━━━ Data excerpts ━━━

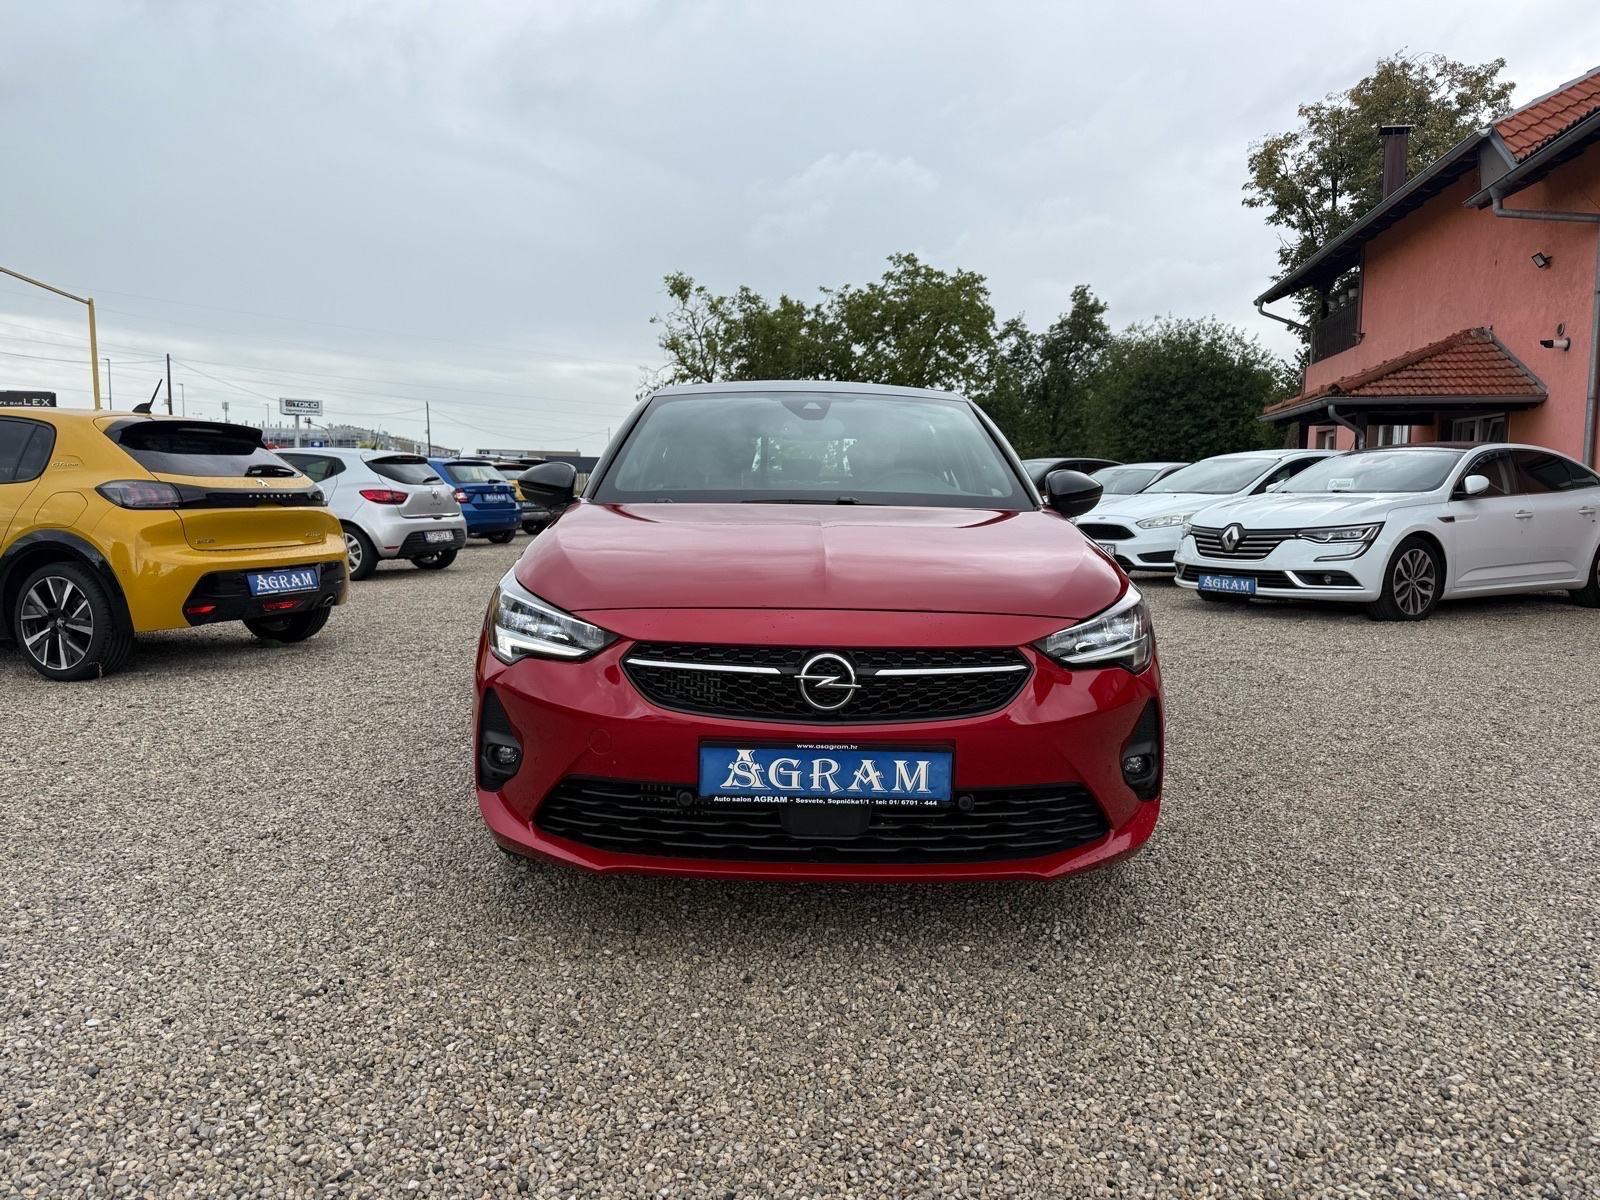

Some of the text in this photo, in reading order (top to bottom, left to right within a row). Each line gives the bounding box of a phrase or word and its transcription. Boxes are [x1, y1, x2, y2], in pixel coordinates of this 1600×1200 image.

[23, 398, 51, 407] LEX
[256, 572, 314, 591] AGRAM
[1202, 575, 1250, 592] AGRAM
[796, 743, 858, 751] www.asagram.hr
[720, 749, 933, 795] AGRAM
[753, 796, 788, 804] AGRAM
[795, 797, 826, 805] Sesvete,
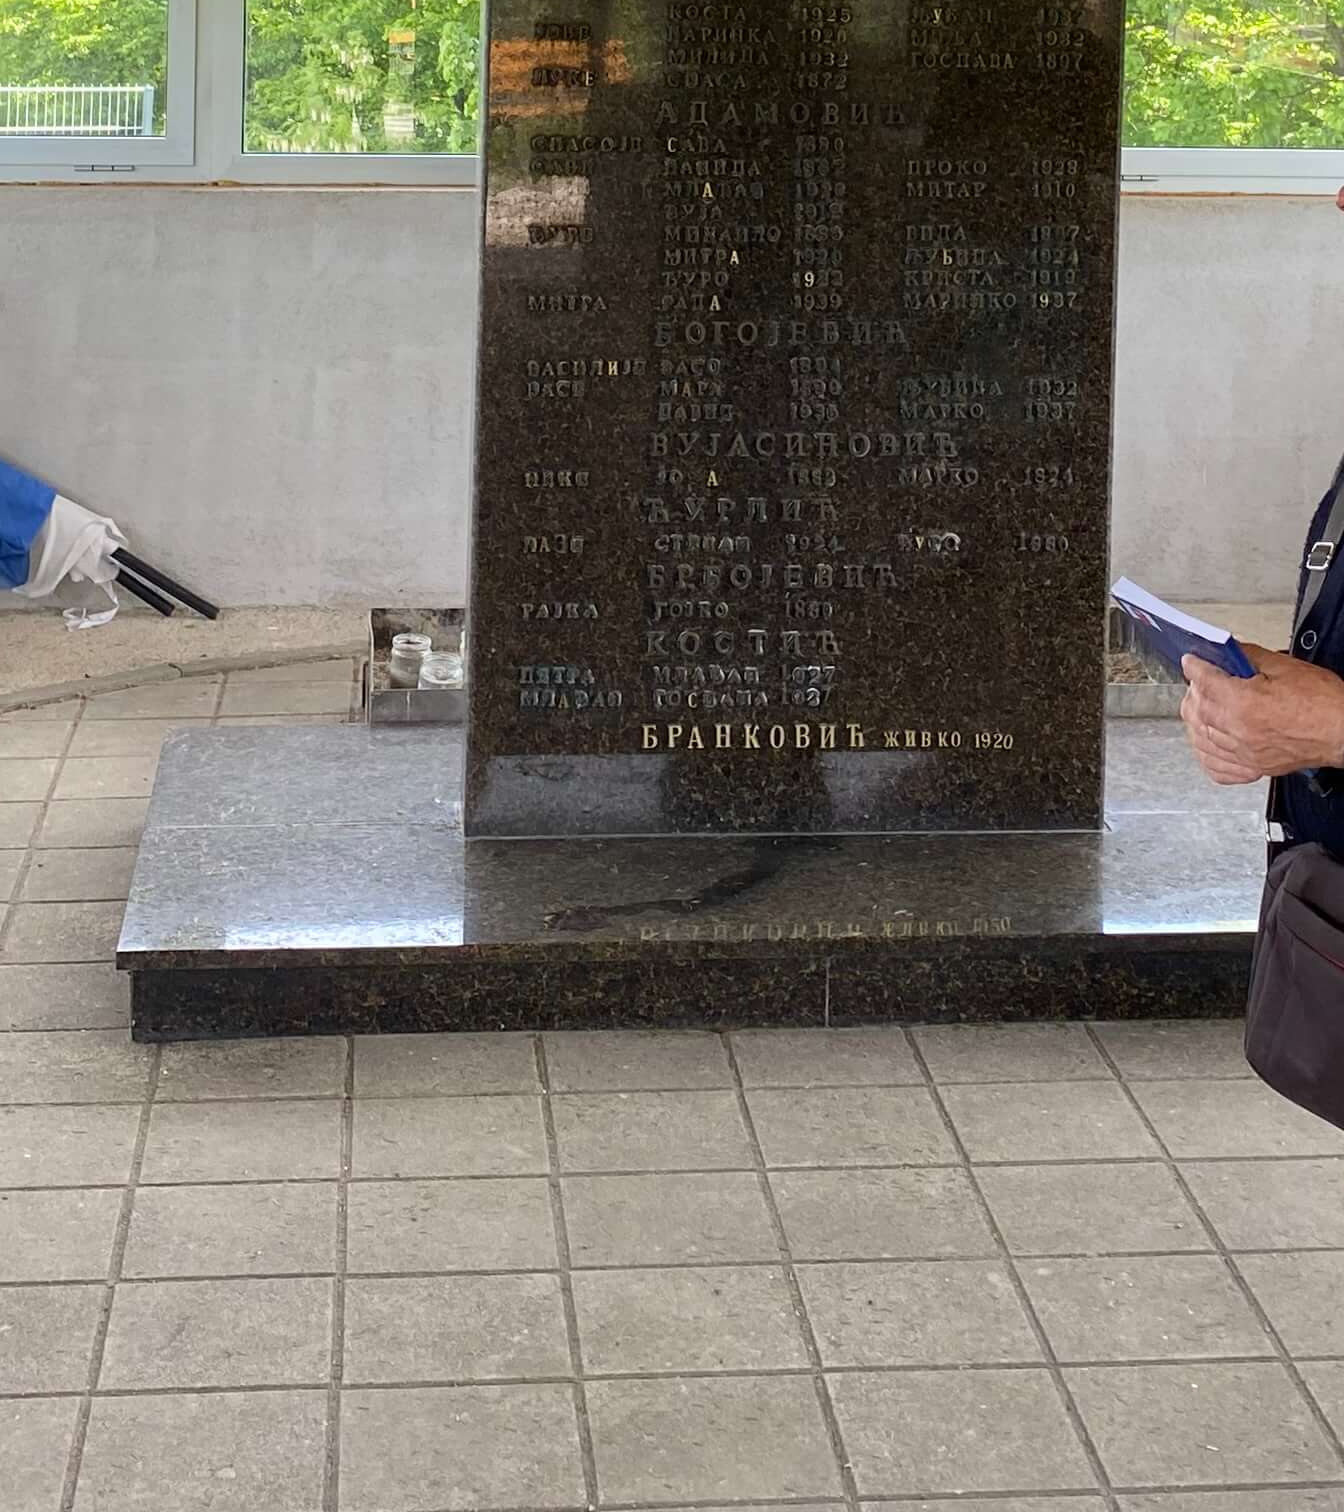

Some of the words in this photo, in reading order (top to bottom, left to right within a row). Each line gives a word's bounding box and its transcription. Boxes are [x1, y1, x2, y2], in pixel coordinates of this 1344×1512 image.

[668, 4, 747, 22] КОСТА
[654, 100, 907, 127] АДАМОВИЋ
[906, 158, 988, 177] ПРОКО
[1030, 158, 1079, 177] 1928
[654, 321, 909, 348] БОГОЈЕВИЋ
[650, 431, 959, 457] ВУЈАСИНОВИЋ
[645, 628, 843, 657] КОСТИЋ
[641, 723, 865, 749] БРАНКОВИЋ
[883, 729, 962, 748] ЖИВКО
[975, 731, 1014, 750] 1920

━━━

- [The problem]: Reproduce all of the entries above word for word, but leave out their pictures.

- [Task result]:
Some of the text in this photo, in reading order (top to bottom, left to right within a row). Each line gives the bounding box of a phrase or word and its transcription. Boxes are [x1, y1, x2, y2], in pixel coordinates of this 1600×1200 image.

[23, 398, 51, 407] LEX
[256, 572, 314, 591] AGRAM
[1202, 575, 1250, 592] AGRAM
[796, 743, 858, 751] www.asagram.hr
[720, 749, 933, 795] AGRAM
[753, 796, 788, 804] AGRAM
[795, 797, 826, 805] Sesvete,

Some of the words in this photo, in reading order (top to bottom, left to right within a row). Each line gives a word's bounding box and its transcription. Boxes are [x1, y1, x2, y2], in pixel coordinates of this 1344×1512 image.

[668, 4, 747, 22] КОСТА
[654, 100, 907, 127] АДАМОВИЋ
[906, 158, 988, 177] ПРОКО
[1030, 158, 1079, 177] 1928
[654, 321, 909, 348] БОГОЈЕВИЋ
[650, 431, 959, 457] ВУЈАСИНОВИЋ
[645, 628, 843, 657] КОСТИЋ
[641, 723, 865, 749] БРАНКОВИЋ
[883, 729, 962, 748] ЖИВКО
[975, 731, 1014, 750] 1920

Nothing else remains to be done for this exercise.